Melatonina: el antioxidante natural para la piel
La melatonina, reconocida por su rol en el ciclo del sueño, también actúa como un poderoso antioxidante. Neutraliza los radicales libres y estimula enzimas antioxidantes como la superóxido dismutasa, catalasa y glutatión peroxidasa, protegiendo la piel del daño oxidativo.
Esta hormona no solo previene la degradación del colágeno y el adelgazamiento de la epidermis, sino que también mejora la reparación del ADN y la homeostasis mitocondrial en las células cutáneas. Además, destaca por su alta tolerancia clínica, bajo costo y su promesa como futuro ingrediente de formulaciones dermatológicas de vanguardia.

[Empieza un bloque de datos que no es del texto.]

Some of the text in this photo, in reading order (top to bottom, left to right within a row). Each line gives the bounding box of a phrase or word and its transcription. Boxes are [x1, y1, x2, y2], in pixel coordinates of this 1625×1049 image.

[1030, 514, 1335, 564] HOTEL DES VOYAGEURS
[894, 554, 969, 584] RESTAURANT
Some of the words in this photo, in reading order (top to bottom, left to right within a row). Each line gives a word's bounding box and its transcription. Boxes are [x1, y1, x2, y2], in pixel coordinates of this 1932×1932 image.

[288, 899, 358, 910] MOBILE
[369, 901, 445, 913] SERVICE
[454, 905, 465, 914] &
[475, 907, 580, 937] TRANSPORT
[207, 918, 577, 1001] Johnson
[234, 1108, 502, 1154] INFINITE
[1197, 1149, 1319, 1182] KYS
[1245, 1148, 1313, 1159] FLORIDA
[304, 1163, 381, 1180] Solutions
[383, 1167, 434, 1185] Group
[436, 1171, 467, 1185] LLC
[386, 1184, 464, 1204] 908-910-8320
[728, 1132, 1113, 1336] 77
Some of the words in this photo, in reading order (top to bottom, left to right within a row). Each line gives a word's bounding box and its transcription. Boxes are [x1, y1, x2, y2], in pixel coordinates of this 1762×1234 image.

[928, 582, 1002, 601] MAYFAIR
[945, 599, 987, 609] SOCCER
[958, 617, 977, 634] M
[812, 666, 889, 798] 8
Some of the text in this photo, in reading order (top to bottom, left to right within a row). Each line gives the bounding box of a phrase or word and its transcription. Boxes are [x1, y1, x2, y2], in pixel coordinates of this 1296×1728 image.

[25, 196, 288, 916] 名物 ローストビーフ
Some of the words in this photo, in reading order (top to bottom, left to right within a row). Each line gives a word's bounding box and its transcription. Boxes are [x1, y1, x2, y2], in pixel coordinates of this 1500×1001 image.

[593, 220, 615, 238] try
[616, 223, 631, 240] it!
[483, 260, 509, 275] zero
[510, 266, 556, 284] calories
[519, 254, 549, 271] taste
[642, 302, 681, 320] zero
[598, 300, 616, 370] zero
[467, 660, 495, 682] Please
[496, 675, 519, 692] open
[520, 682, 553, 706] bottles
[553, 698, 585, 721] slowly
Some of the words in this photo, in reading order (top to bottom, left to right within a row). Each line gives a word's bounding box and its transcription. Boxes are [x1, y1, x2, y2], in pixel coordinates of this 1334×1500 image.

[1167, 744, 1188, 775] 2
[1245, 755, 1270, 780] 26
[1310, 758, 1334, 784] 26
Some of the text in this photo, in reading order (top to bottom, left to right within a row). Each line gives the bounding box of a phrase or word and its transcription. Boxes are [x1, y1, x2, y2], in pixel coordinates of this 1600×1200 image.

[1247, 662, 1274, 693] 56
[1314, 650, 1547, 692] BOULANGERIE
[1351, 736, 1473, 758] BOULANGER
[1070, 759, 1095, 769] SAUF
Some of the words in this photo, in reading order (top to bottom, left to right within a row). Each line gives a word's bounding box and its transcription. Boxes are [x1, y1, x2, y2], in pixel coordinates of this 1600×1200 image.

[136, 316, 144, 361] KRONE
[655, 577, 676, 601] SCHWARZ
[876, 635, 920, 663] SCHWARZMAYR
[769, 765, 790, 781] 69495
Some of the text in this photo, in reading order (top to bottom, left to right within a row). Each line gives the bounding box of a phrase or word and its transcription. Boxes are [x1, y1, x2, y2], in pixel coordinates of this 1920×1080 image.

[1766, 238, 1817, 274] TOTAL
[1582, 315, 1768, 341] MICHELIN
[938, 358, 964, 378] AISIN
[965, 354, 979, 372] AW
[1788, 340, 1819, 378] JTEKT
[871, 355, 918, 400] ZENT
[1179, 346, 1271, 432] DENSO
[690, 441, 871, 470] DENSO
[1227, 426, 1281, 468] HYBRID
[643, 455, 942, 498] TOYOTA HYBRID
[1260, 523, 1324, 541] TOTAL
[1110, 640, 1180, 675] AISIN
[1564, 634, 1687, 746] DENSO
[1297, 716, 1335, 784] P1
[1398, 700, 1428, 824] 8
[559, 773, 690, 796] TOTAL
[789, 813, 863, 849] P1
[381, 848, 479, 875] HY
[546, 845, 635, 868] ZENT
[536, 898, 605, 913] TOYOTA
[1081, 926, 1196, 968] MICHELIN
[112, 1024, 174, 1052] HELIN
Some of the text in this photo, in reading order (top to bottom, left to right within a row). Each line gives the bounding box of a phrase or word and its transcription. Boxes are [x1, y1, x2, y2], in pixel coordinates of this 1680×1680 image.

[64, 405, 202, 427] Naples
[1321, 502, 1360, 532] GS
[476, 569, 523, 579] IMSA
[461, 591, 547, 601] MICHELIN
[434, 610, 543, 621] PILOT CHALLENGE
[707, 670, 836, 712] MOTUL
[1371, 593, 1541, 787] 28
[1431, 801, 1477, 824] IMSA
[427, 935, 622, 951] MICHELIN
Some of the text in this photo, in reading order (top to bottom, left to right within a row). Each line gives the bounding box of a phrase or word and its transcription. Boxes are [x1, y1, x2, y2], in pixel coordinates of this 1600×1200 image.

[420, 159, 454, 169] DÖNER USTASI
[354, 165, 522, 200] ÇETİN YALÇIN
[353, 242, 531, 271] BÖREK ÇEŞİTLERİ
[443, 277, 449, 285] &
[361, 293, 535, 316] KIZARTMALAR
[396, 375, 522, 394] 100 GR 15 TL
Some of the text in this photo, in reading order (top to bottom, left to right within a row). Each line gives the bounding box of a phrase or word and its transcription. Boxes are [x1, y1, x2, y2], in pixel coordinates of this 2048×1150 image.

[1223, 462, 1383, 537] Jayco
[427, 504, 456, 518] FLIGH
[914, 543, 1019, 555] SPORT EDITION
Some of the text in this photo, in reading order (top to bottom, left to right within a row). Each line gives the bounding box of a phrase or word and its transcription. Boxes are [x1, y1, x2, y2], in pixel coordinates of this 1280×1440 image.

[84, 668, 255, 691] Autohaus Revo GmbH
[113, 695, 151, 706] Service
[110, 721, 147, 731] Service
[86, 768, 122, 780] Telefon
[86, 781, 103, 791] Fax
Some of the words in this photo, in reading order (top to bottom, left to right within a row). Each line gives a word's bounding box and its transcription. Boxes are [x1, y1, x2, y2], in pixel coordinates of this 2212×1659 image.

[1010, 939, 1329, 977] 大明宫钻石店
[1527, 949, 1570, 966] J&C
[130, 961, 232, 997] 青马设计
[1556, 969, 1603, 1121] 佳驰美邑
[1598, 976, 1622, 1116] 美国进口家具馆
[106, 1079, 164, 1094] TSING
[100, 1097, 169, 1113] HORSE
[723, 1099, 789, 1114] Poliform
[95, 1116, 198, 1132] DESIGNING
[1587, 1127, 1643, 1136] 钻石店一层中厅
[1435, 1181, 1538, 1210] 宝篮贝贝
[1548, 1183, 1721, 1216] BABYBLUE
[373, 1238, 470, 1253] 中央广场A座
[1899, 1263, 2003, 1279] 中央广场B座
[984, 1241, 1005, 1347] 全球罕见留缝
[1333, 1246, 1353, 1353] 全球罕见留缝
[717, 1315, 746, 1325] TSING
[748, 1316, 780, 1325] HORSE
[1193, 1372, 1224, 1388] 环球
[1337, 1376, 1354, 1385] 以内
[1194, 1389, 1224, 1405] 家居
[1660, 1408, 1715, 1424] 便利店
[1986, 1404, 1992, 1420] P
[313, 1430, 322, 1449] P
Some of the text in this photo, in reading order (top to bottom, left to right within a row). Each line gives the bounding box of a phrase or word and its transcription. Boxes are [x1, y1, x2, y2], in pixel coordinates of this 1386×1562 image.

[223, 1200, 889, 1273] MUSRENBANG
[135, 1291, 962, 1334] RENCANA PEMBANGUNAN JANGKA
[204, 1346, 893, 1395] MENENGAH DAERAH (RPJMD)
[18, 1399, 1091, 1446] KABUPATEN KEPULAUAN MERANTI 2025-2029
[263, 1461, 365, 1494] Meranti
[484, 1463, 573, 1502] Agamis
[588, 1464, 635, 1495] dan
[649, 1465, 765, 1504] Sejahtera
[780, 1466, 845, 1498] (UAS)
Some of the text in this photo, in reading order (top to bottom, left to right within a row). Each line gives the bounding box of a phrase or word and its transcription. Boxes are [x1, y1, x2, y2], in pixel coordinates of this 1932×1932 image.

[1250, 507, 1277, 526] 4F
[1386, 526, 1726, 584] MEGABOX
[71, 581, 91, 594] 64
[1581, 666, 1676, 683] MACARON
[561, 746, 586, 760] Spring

El folículo piloso: un miniórgano clave en el envejecimiento
El estudio también enfatizó la importancia del folículo piloso, considerado un miniórgano endocrino autónomo. Este sistema regula funciones hormonales locales y experimenta cambios degenerativos con el tiempo, como la pérdida de pigmento (que causa el encanecimiento del cabello) y la miniaturización folicular (reducción del diámetro del cabello).
Estos procesos reflejan los mismos mecanismos de envejecimiento cutáneo que afectan al resto de la piel, confirmando que el cuidado integral de la salud hormonal puede ser la clave para prevenir las arrugas y conservar una apariencia juvenil por más tiempo.